瑠璃の腕と衣服に付着していた黒い汚れはみるみるうちに小さくなり消えていったのだ。

消えたというより、瑠璃の身体に吸収されたという方が正しいのだろう。


「瑠璃ちゃん!大丈夫ですか!?」

雨千夏は心配そうに瑠璃に近寄る。


「ああ⋯問題ない。むしろ洗濯の手間が省けた」


「しっかし、これどうすんだ?試験どころじゃねえだろ⋯」

六花が困り顔で発言する。


皆が途方に暮れていると、突然、試験会場のドアが開いた。


「⋯⋯⋯はあはあ、ギリギリセーフっ!!」

肩で息をしながら、1人の女性が入ってきた。


「失礼ですが⋯あなたは?」

神楽は、訝しげに女性に近寄る。


「はっ!私ですか!私は本日、刄姫証取得試験の試験官を務めます、荒木あらきと申します!約束の正午になりましたので、試験を開始───」


「ちょっと待てよ!試験官って木津辺って奴じゃねえのか?」

六花が荒木に突っかかる。


「わわっ!ちょっと落ち着いてください!そもそも、木津辺って誰ですか!?そのような名の試験官、うちには在籍していませんよ!!」


「「⋯は?」」

六花と神楽がハモる。


「それに、ちょっと待て、今が約束の正午だと?!」


「は、はい⋯そちらの時計も丁度正午をさしていますし⋯」


神楽達は恐る恐る、時計を見る。


「⋯!?」


「ありえない⋯試験は確かに正午に開始した⋯筆記と実技で各1時間として、今は14時過ぎのはず⋯⋯。
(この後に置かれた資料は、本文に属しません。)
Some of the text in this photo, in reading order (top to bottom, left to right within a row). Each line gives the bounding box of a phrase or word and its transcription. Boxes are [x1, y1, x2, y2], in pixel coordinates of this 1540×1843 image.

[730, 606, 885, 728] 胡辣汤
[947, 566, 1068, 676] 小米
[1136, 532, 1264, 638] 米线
なのに、なんで⋯⋯」


時計の針がさしていたのは、丁度、正午の12時だった。


「おいおい⋯どうなってんだよ、これ」

六花も混乱している。


「はて?ちょっと状況が読めませんが、とりあえず時間ですので、試験に移らせていただきますね!」







─────結局、この後、雨千夏と瑠璃は再試験を受け、見事、合格した。



晴れて、刄姫証を取得できたのだ。


これを以て、桜刄姫道部、正式に発足。



しかし、今回の出来事は、結局、謎のまま、全員の心の中にモヤっとした不快感を残す事となった。